Enviromic prediction enables the characterization and mapping of Eucalyptus globulus Labill breeding zones

Abstract

Genotype-environment interaction is pervasive in forest genetics. Delineation of spatial breeding zones (BZs) is fundamental for accommodating genotype-environment interaction. Here we developed a BZ classification pipeline for the forest tree Eucalyptus globulus in 2 Australian regions based on phenotypic, genomic, and pedigree data, as well on a detailed environmental characterization (“envirotyping”) and spatial mapping of BZs. First, the factor analytic method was used to model additive genetic variance and site–site genetic correlations (r_B) in stem volume across 48 trials of 126,467 full-sib progeny from 2 separate breeding programs. Thirty-three trials were envirotyped using 145 environmental variables (EVs), involving soil and landscape (71), climate (73), and management (1) EVs.
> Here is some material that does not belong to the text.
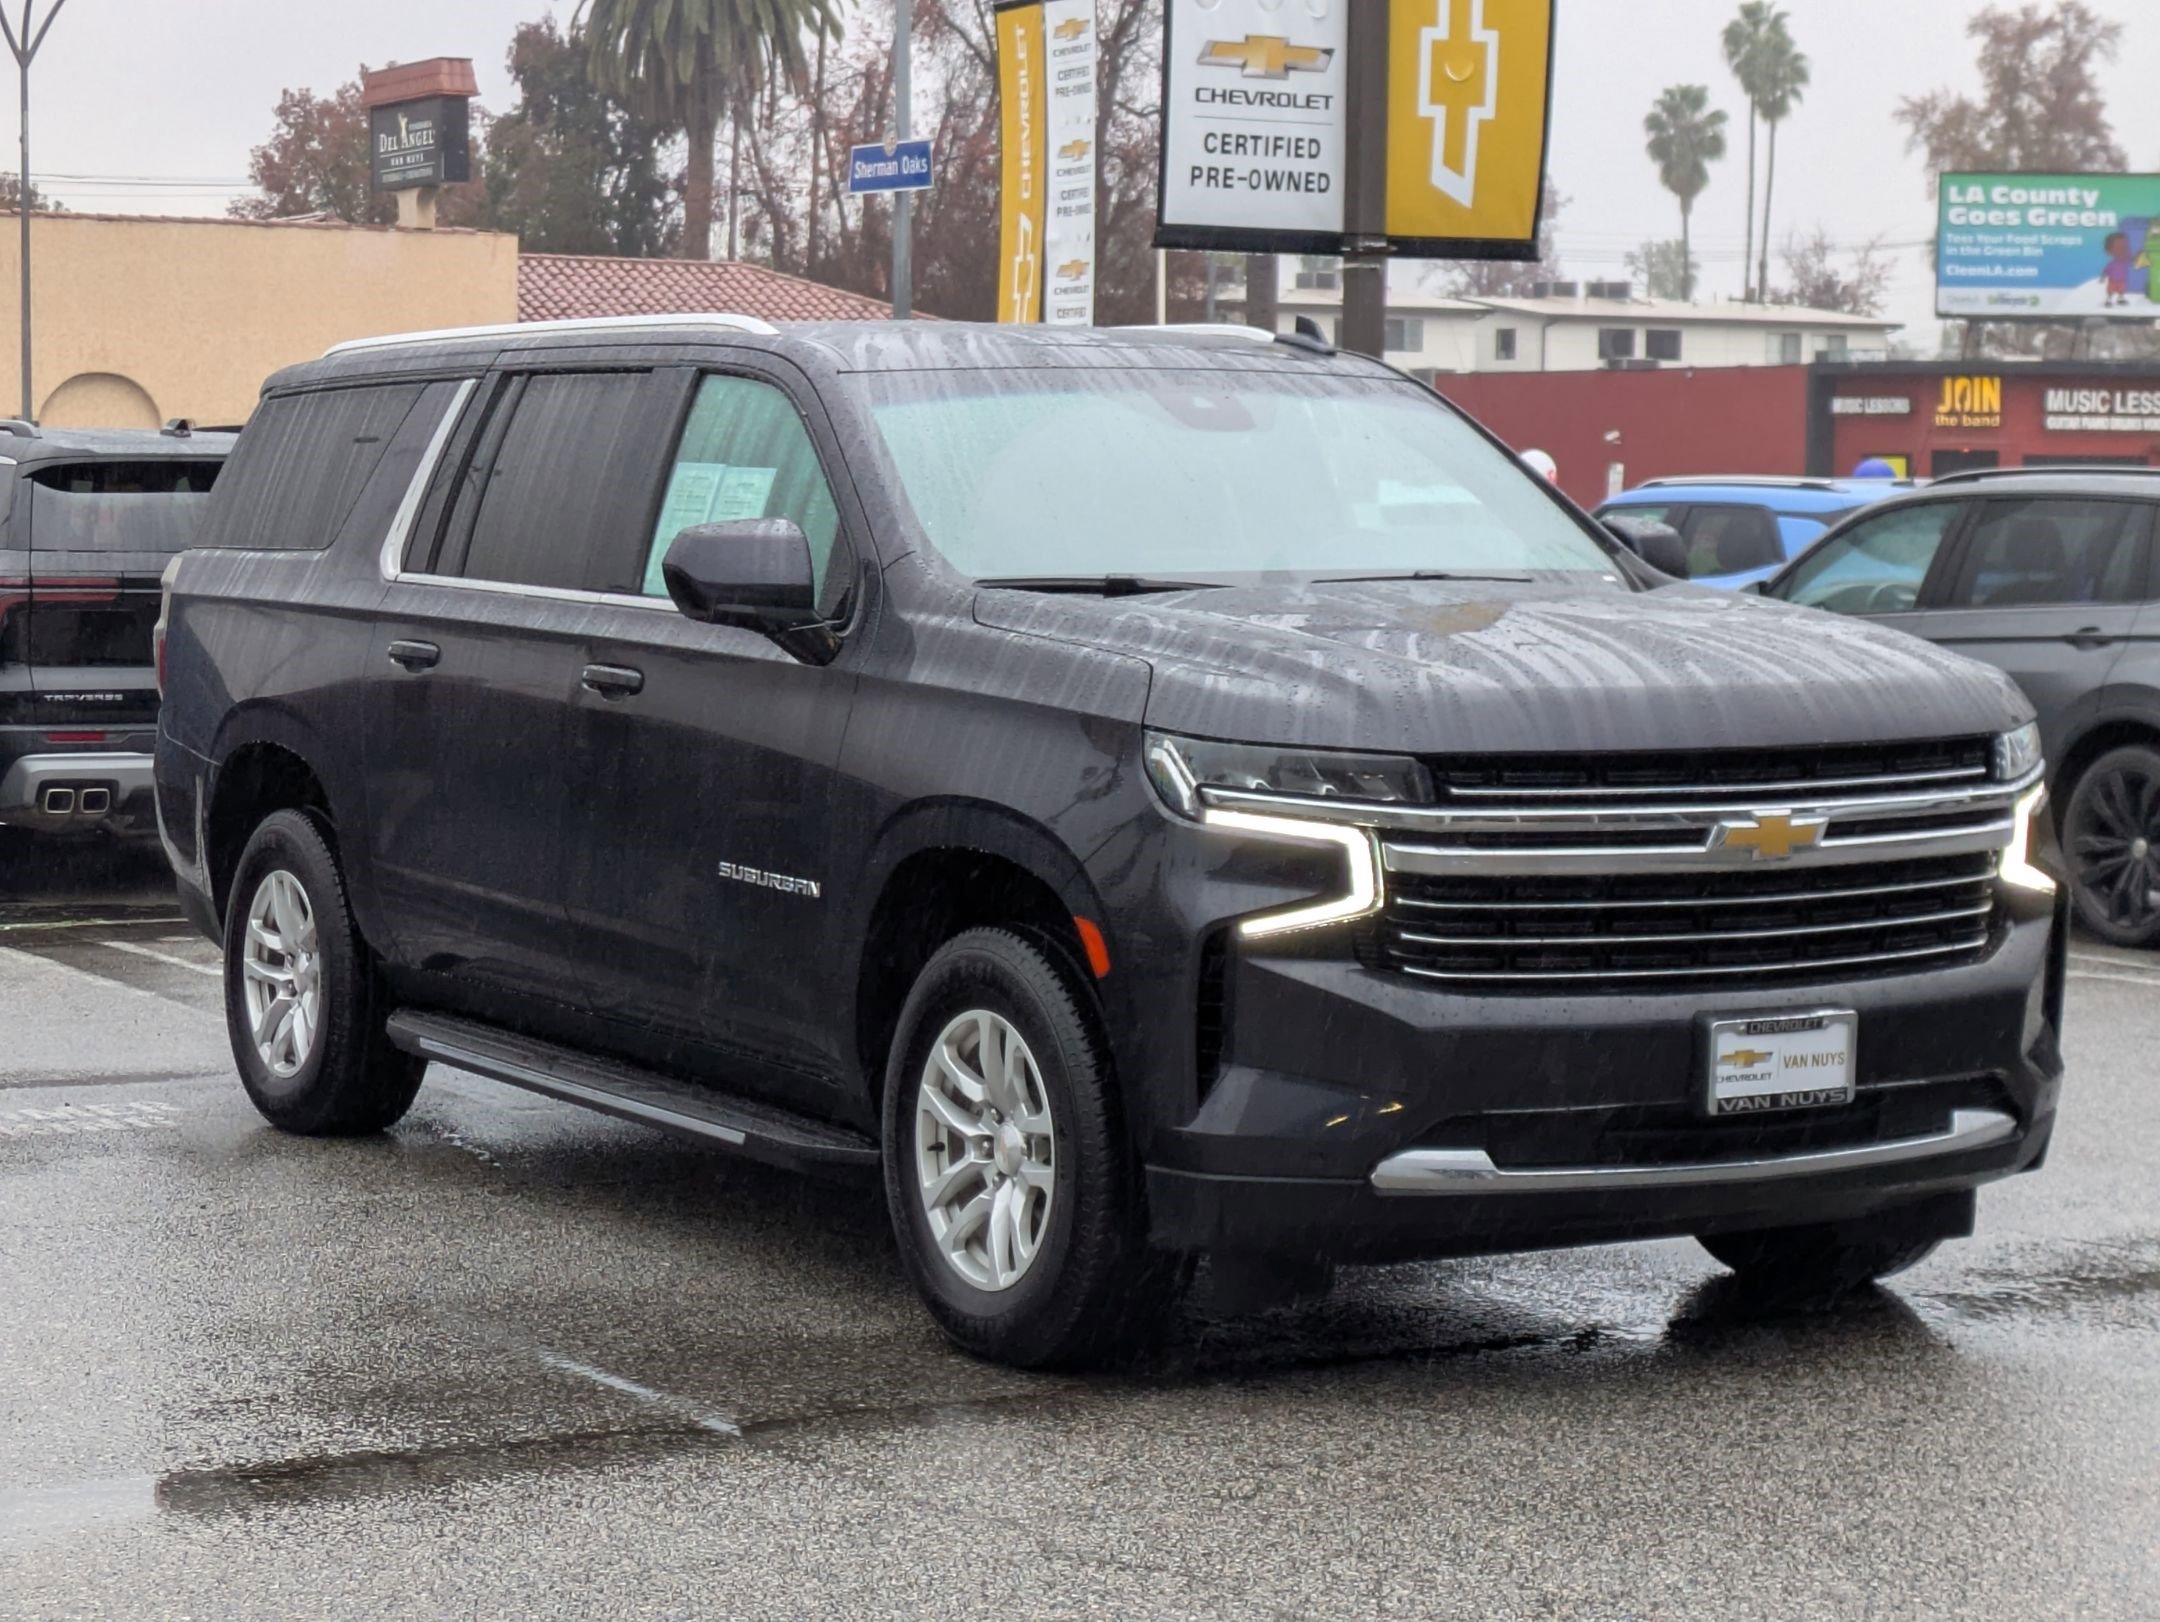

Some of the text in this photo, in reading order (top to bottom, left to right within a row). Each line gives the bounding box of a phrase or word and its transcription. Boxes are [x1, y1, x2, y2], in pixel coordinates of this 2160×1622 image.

Next, sparse partial least squares-discriminant analysis was used to identify EVs that were required to predict classification of sites into 5 non-exclusive BZ classes based on r_B. Finally, these BZs were spatially mapped across the West Australian and “Green Triangle” commercial estates by enviromic prediction using EVs for 80 locations and 15 sets of observed climate data to represent temporal variation. The factor analytic model explained 85.9% of estimated additive variance. Our environmental classification system produced within-zone mean r_B between 0.76 and 0.84, which improves upon the existing values of 0.62 for Western Australia and 0.67 for Green Triangle as regional BZs. The delineation of 5 BZ classes provides a powerful framework for increasing genetic gain by matching genotypes to current and predicted future environments.